## DATA FOR THIS TASK
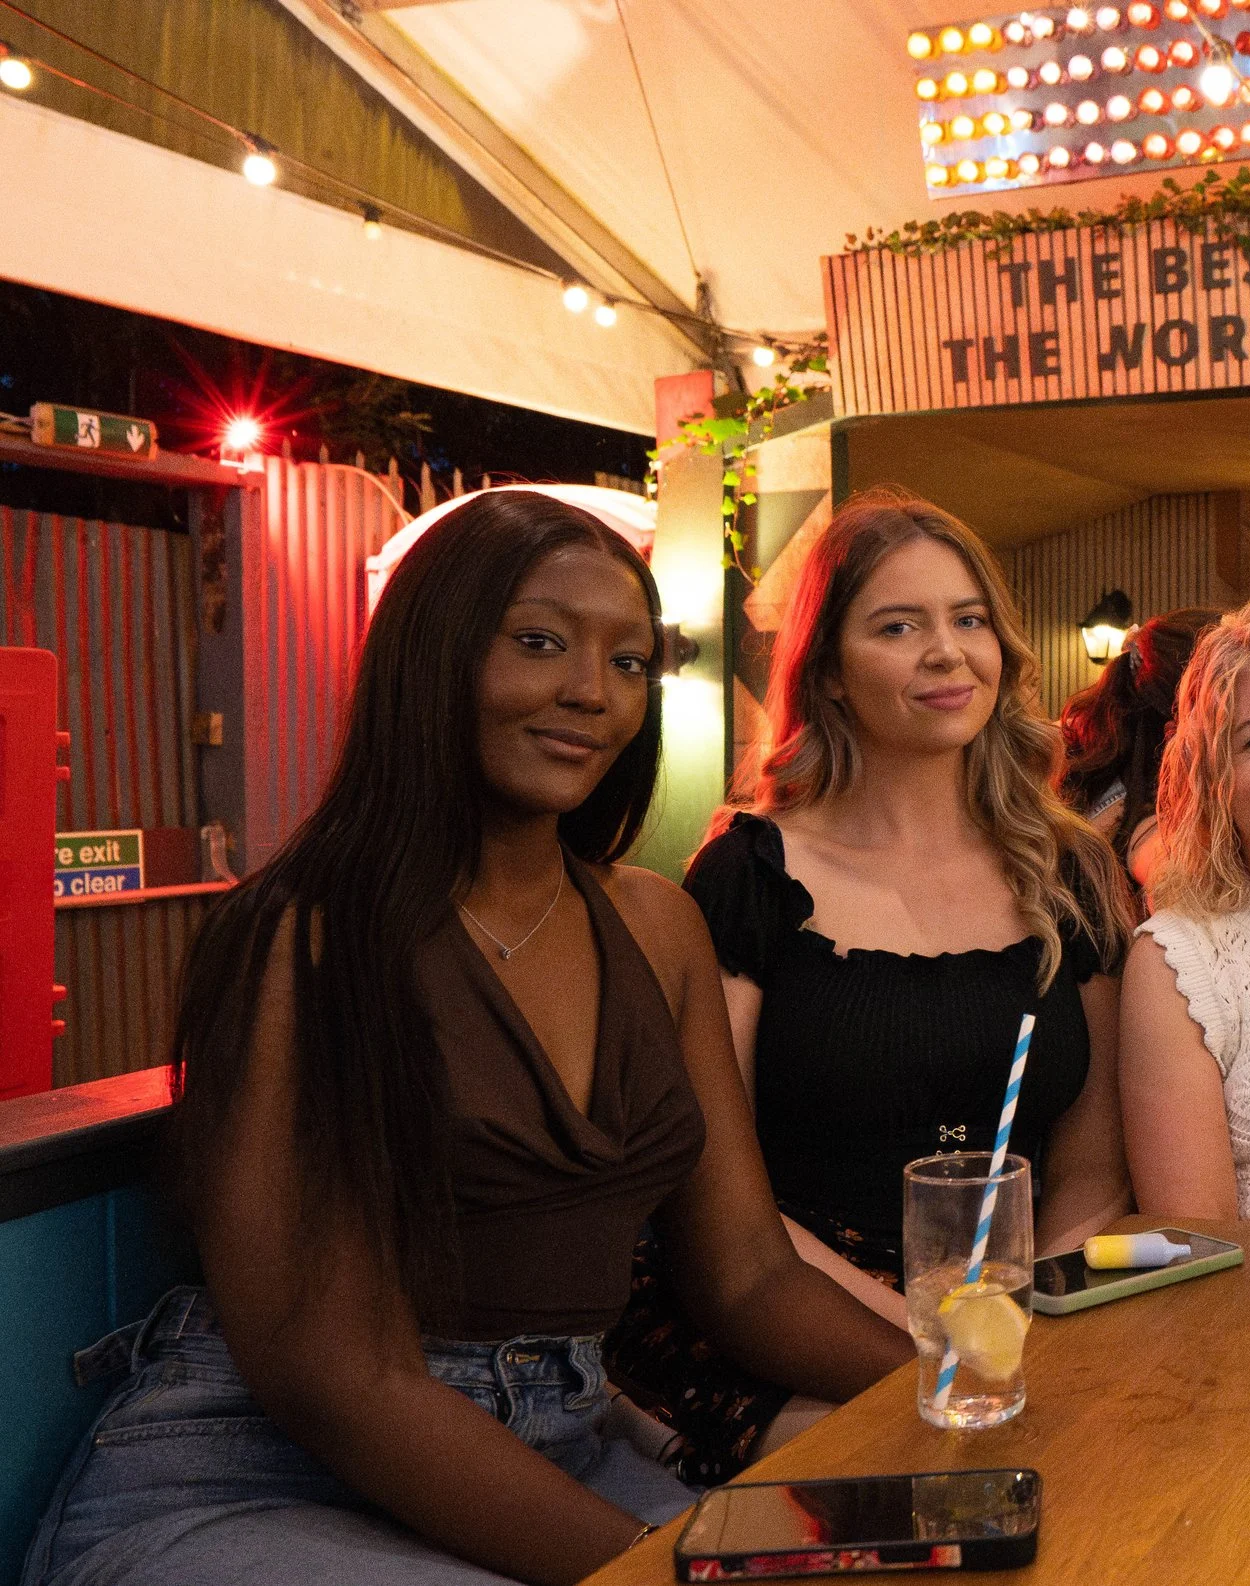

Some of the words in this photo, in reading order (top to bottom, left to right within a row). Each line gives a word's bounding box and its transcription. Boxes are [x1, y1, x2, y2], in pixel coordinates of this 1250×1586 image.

[1000, 253, 1121, 308] THE
[942, 331, 1061, 383] THE
[80, 840, 120, 864] exit
[70, 873, 125, 895] clear

## YOUR INSTRUCTIONS
Without any of the pictures, reproduce the listing above exactly.

## ANSWER BOX
Some of the words in this photo, in reading order (top to bottom, left to right within a row). Each line gives a word's bounding box and its transcription. Boxes are [x1, y1, x2, y2], in pixel coordinates of this 1250×1586 image.

[1000, 253, 1121, 308] THE
[942, 331, 1061, 383] THE
[80, 840, 120, 864] exit
[70, 873, 125, 895] clear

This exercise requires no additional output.